Author: dainamimboui
last update Last Updated: 2025-08-16 03:11:33

Le manoir était silencieux, comme toujours.

Trop silencieux.

Léna marchait lentement dans le couloir, les bras croisés, les épaules nues sous le pull trop grand qu’elle avait trouvé dans le dressing. Elle n’avait pas mangé ce matin. Elle n’avait pas faim. Ou peut-être ne le savait-elle plus.

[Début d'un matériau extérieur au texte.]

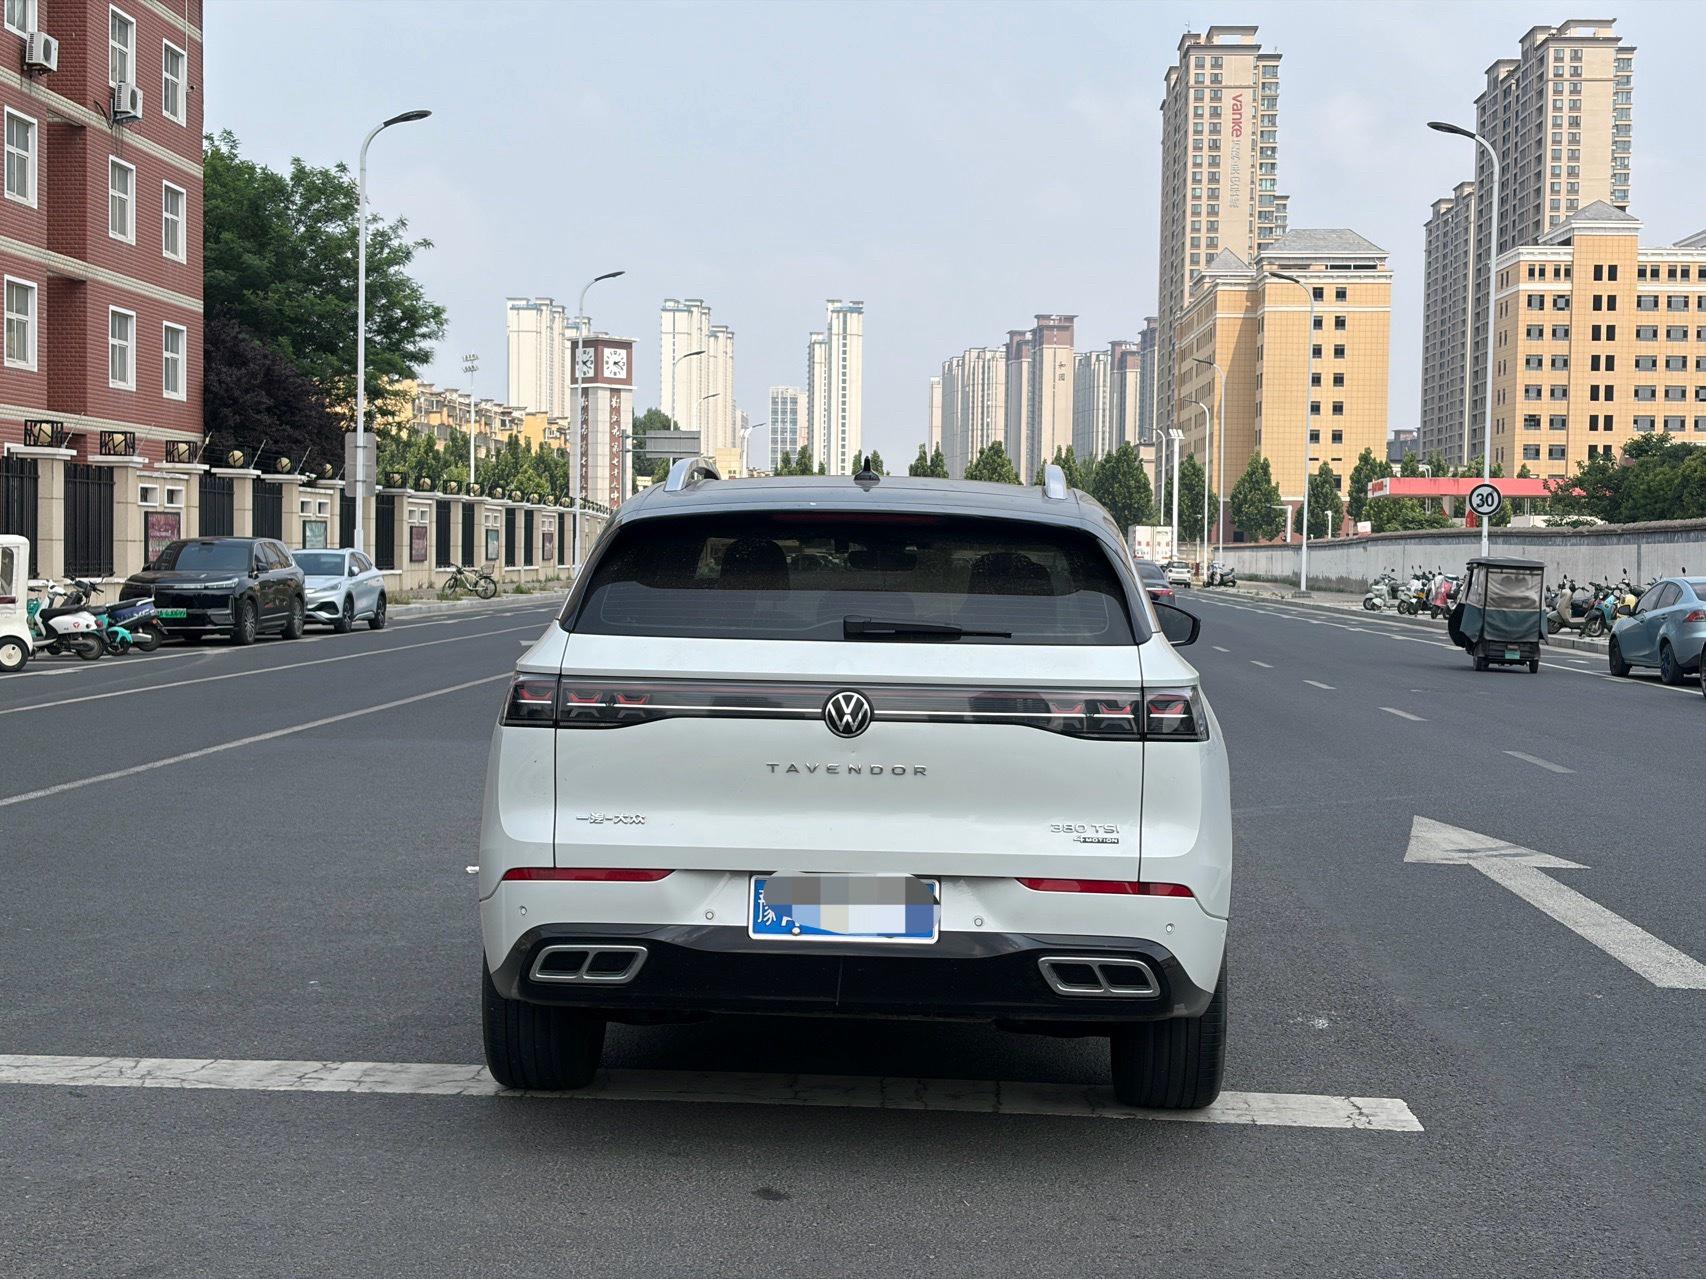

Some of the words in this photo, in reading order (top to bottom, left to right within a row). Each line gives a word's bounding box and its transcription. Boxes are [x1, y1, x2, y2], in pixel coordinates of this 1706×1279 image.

Elle s’arrêta devant une porte double. Son cœur battait fort.

C’était son bureau.

Depuis qu’elle avait été amenée ici, elle n’avait jamais osé frapper à cette porte. C’était l’espace d’Ilyès. Le cœur de son pouvoir. Son antre. Elle savait que s’y présenter sans y être invitée était risqué. Mais aujourd’hui, elle avait besoin de parler.

Juste de demander.

Elle prit une inspiration, puis frappa doucement. Aucun son.

Elle attendit quelques secondes, puis poussa la porte lentement. Elle était entrebâillée. Il n’avait pas verrouillé.

Il était là.

Ilyès, assis derrière son bureau en acajou, penché sur des dossiers. Costume sombre, montres chères, cheveux tirés en arrière. Immuable. Inébranlable.

Il leva à peine les yeux vers elle.

— Qu’est-ce que tu fais ici ?

Léna s’avança d’un pas. Puis d’un autre.

Elle garda les mains croisées devant elle.

— Je ne veux pas te déranger… commença-t-elle.

Il leva les yeux, cette fois. Un regard noir. Impatient.

— Trop tard.

Elle ravala sa salive.

— Je voulais juste… avoir un téléphone. Pas pour partir. Juste… pouvoir appeler mon père. Savoir s’il est en vie.

Silence.

Il la fixa longuement.

— Tu veux un téléphone ? répéta-t-il, d’un ton neutre.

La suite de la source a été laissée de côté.